In terms of child rearing practices. class differences were more important than race. Middle-class parents engaged in "concerted cultivation" by promoting children's talents through organized leisure activities and extensive reasoning. Working-class and poor parents, however, engaged the "accomplishment of natural growth," providing the conditions under which children can grow, but leaving leisure activities to children themselves. These parents also used directives rather than reasoning. While middle-class children, both white and black, gained a sense of entitlement from their family life, working-class and poor children learned lessons in constraint. The children obtained differential resources to draw on in their interactions with professionals and other adults outside the home. Middle-class children gained cumulatively important advantages. Working-class and poor children did not display the same sense of entitlement or advantages.[3]
The industrialization of the Northeast dramatically changed the social structure.
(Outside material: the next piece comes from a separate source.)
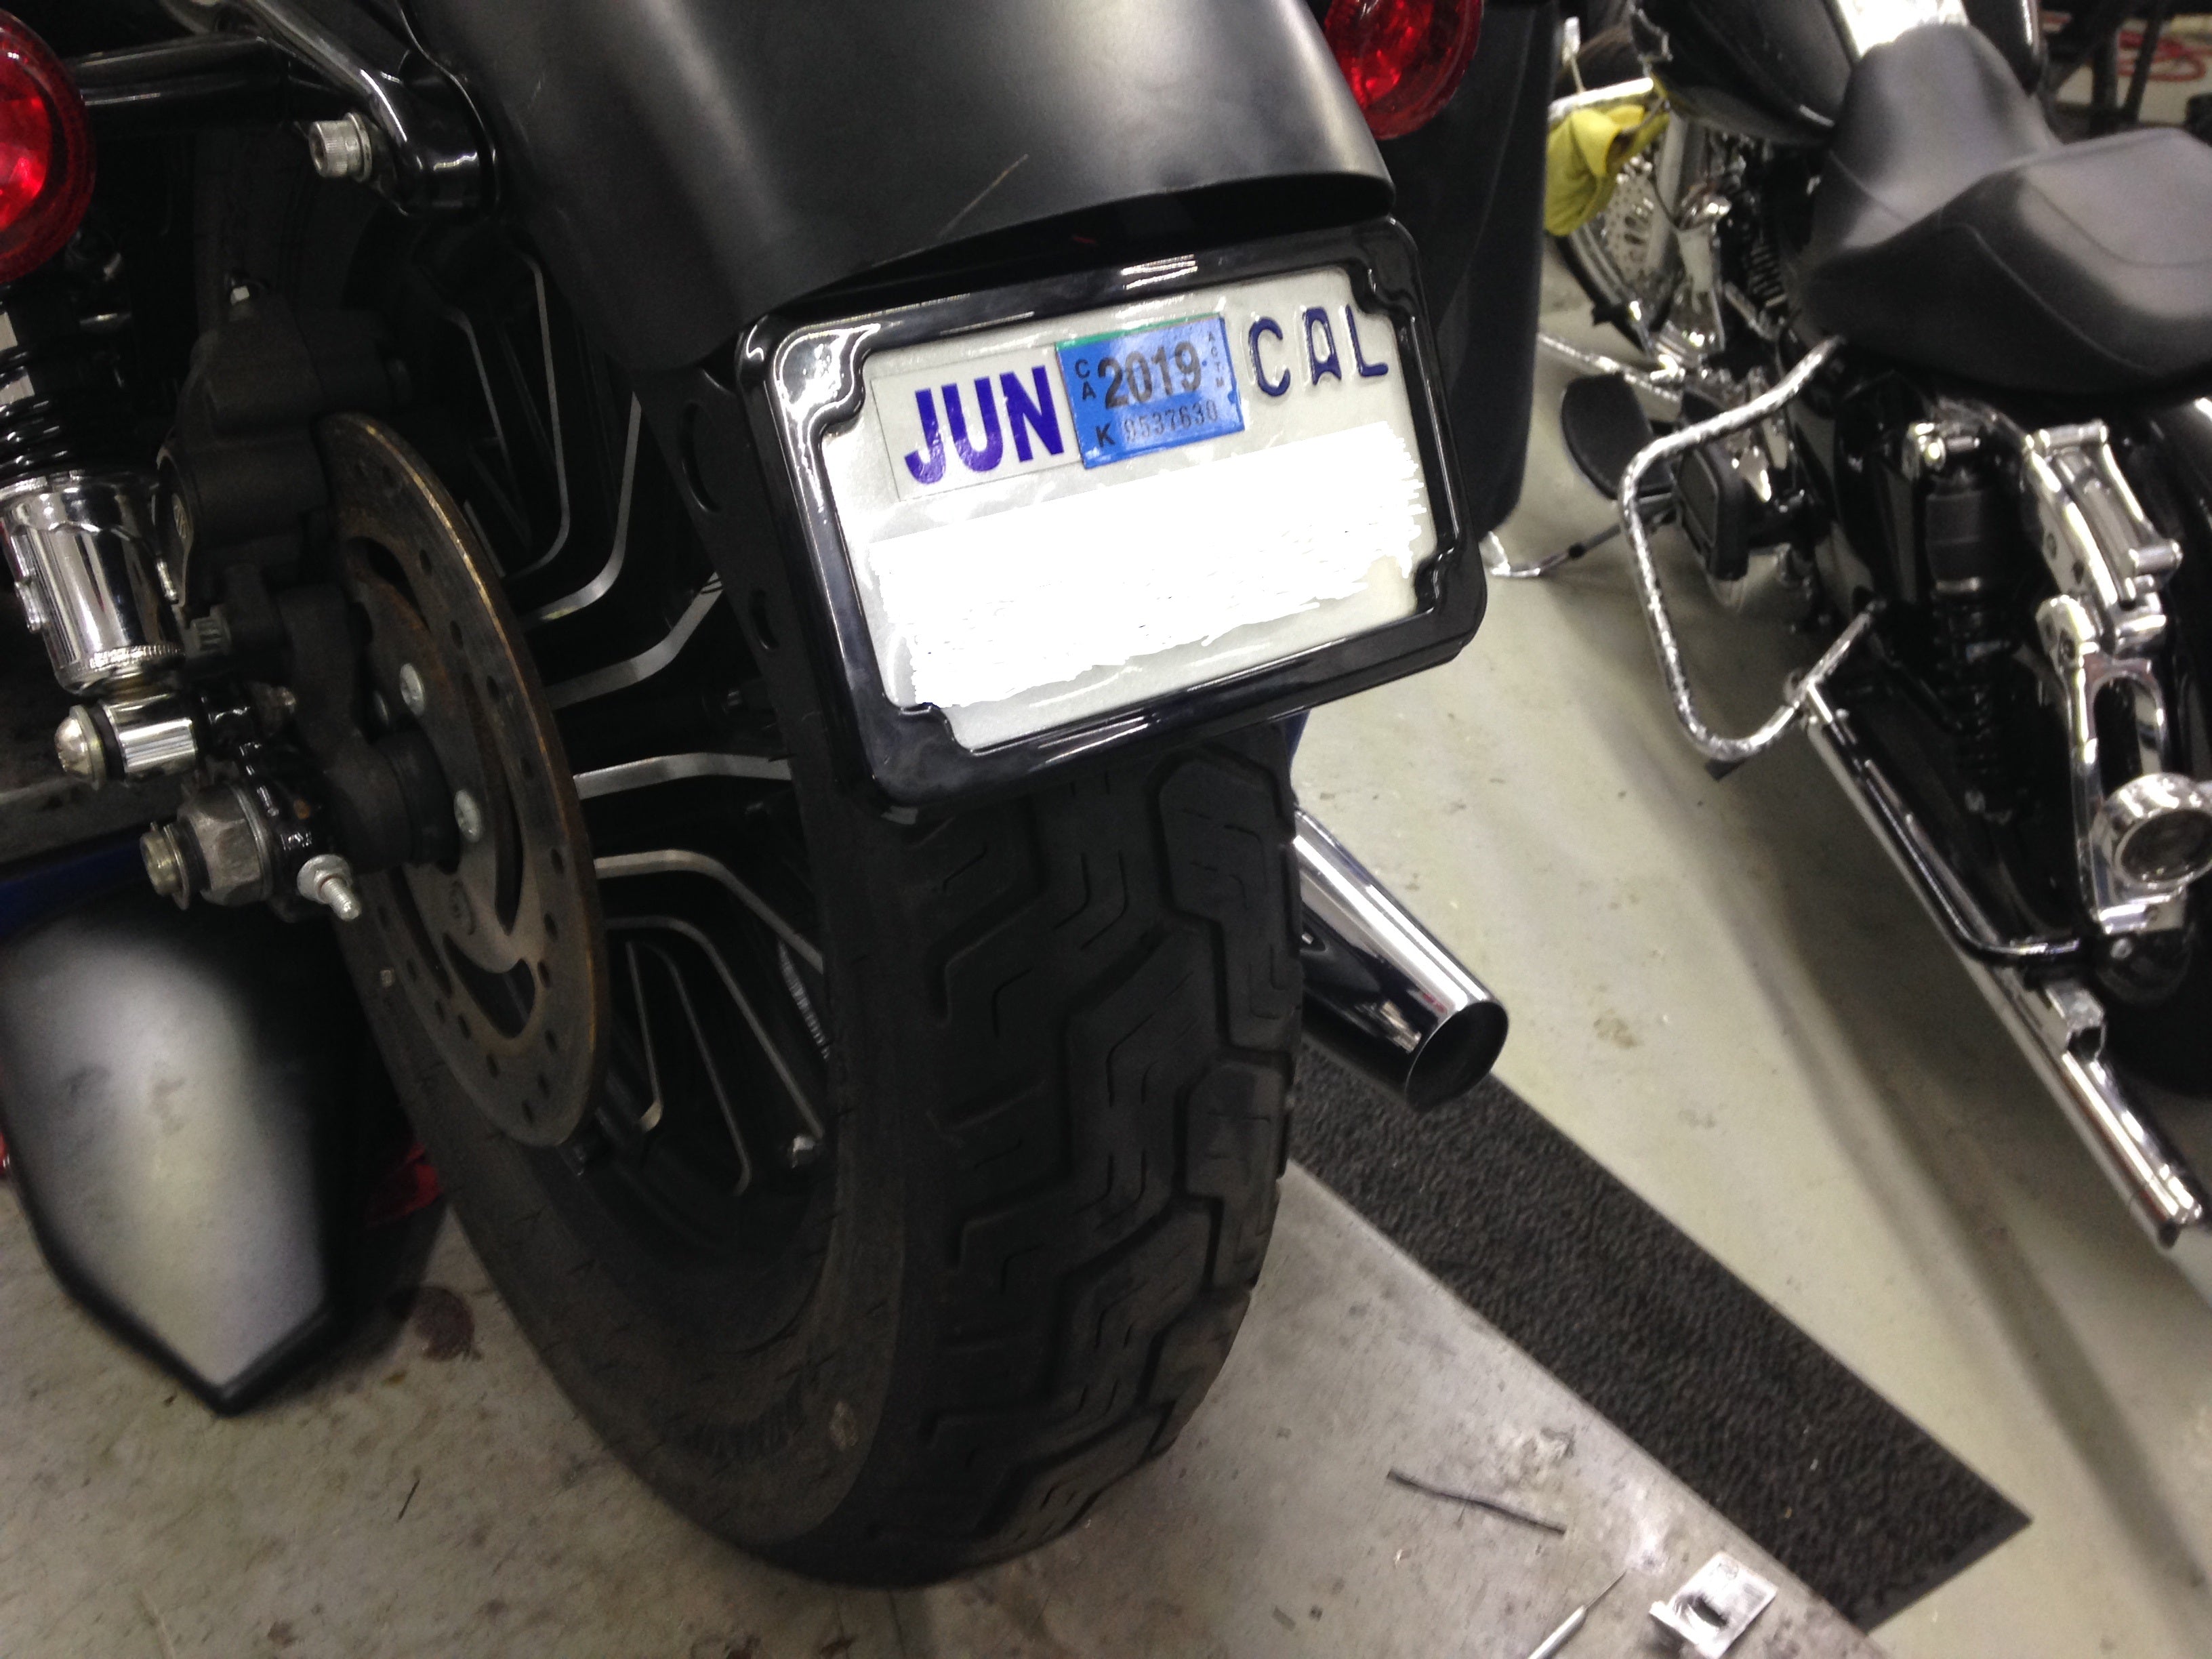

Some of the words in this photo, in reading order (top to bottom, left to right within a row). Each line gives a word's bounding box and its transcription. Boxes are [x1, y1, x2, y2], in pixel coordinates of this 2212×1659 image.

[1097, 340, 1202, 410] 2019
[1248, 305, 1389, 396] CAL
[904, 365, 1064, 484] JUN
[1095, 423, 1115, 448] K
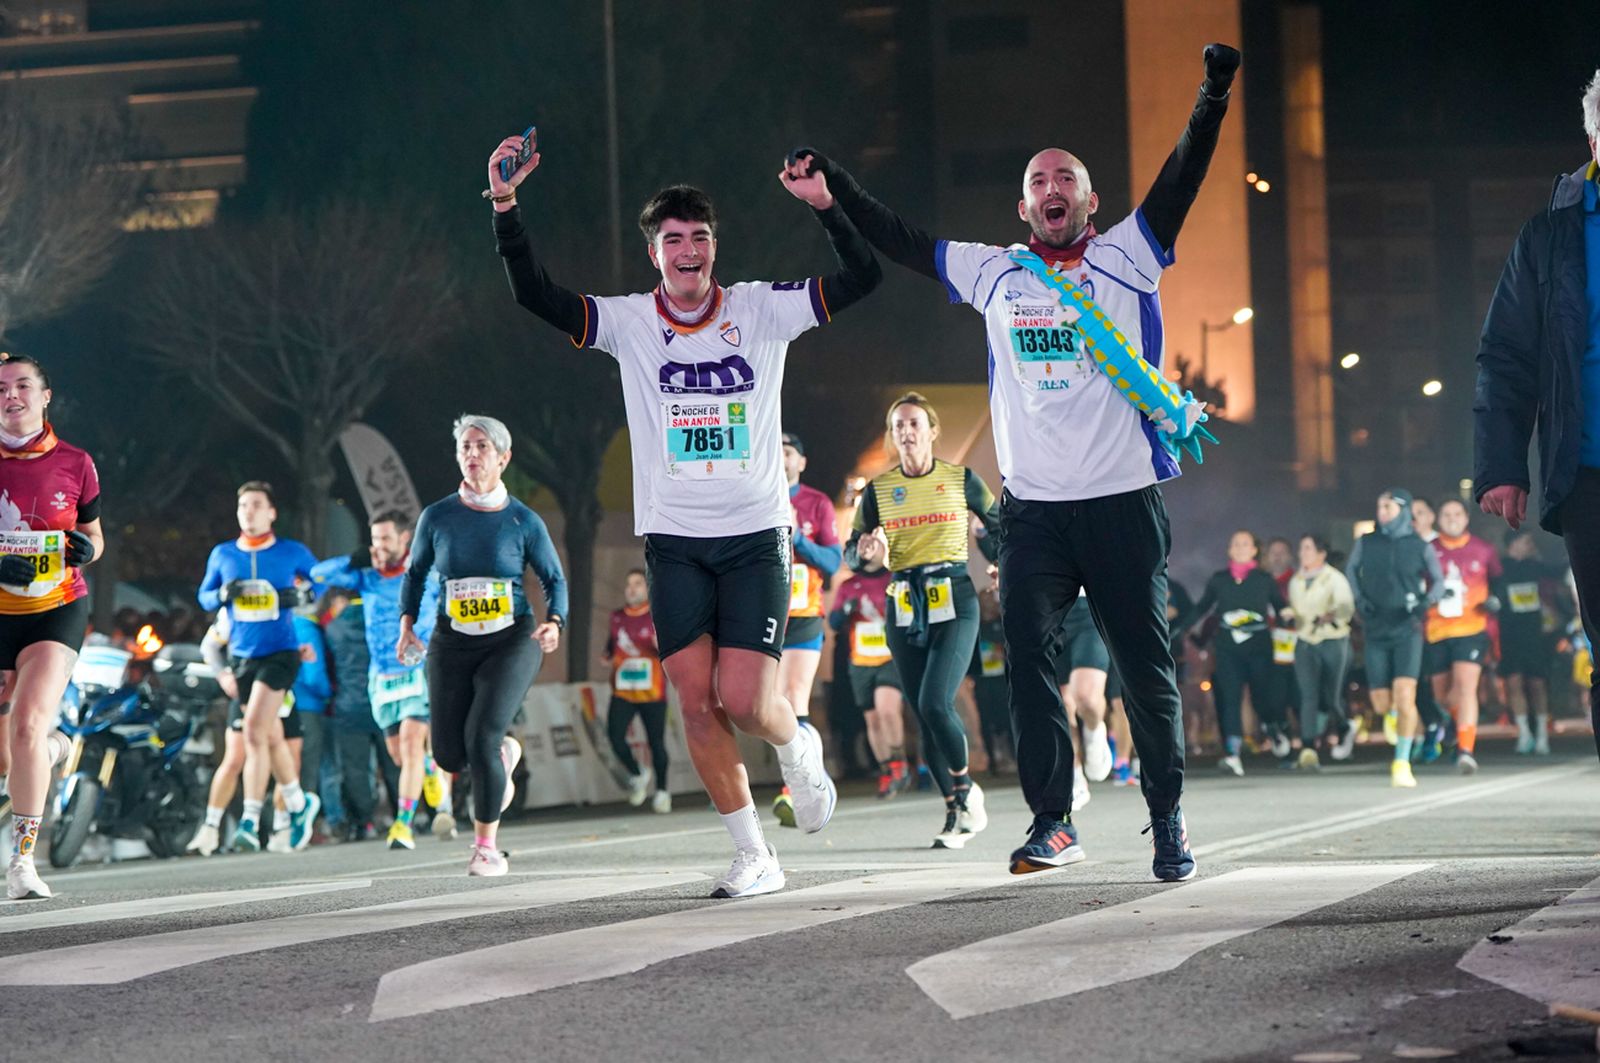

New wealth abounded, with the growth of factories, railroads and banks from the 1830 to the 1920s. Hundreds of small cities sprang up, together with 100 large cities (of 100,000 or more population by 1920). Most had a base in manufacturing. The urban areas came to have a complex class structure, compounded of wealth (the more the better), occupation (with the learned professions at the top), and family status (the older the better). Ethnic-religious groups had their separate social systems (such as German Lutherans and Irish Catholics). The New England Yankees dominated business, finance, education and high society in most northern cities, but gradually lost control of politics to a working class coalition led by Irish Catholics. Hundreds of new colleges and academies were founded to quicken the pace of upward mobility by producing ministers, professionals, and businessmen. Most colleges before 1879 had with specific religious identities. State universities and state teachers' colleges became important after 1920.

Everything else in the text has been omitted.